Prosecutors said that three suppliers – Ghassan Dahir, 51, of Raleigh, Darrel Brigman, 64, of Kannapolis, and Nicholas Oxendine, 32, of Rowland – sold cigarettes with total retail value of $4.2 million over six years. They also created counterfeit tax stamps that other states require as proof that taxes have been paid, prosecutors said.

The six buyers, identified as two women and four men from Connecticut and Pennsylvania, transported the cigarettes in large vans throughout the northeast and sold them without paying taxes.

Prosecutors said that Oxendine deposited profits from the scheme in different accounts in amounts just under $10,000 in an effort to avoid triggering a review of the transactions.

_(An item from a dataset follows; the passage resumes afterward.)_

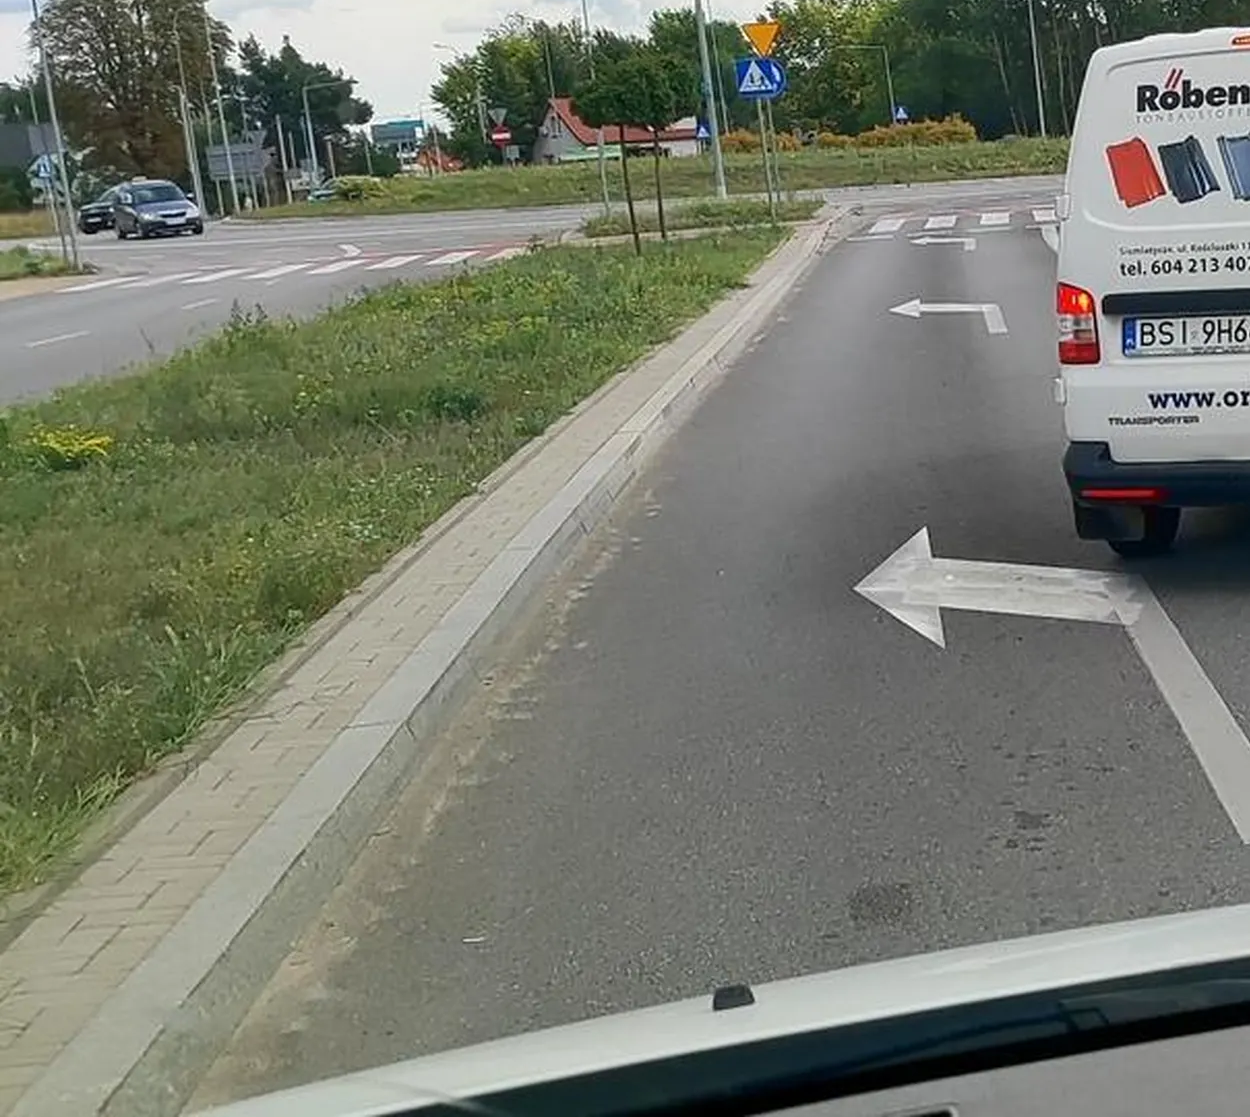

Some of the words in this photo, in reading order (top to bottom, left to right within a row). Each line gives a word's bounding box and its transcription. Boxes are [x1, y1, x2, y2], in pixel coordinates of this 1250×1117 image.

[1120, 260, 1147, 277] tel.
[1151, 259, 1183, 275] 604
[1188, 257, 1219, 273] 213
[1140, 321, 1187, 347] BSI

"Those who traffic in contraband cigarettes pose a danger to our financial infrastructure," Jeannine A. Hammet, a criminal investigations agent with the Internal Revenue Service, said in a statement.

Dahir, Brigman and Oxendine and their six co-defendants were arrested in November 2009 and pleaded guilty in April to conspiring to ship, transport, receive, possess, distribute and purchase contraband cigarettes.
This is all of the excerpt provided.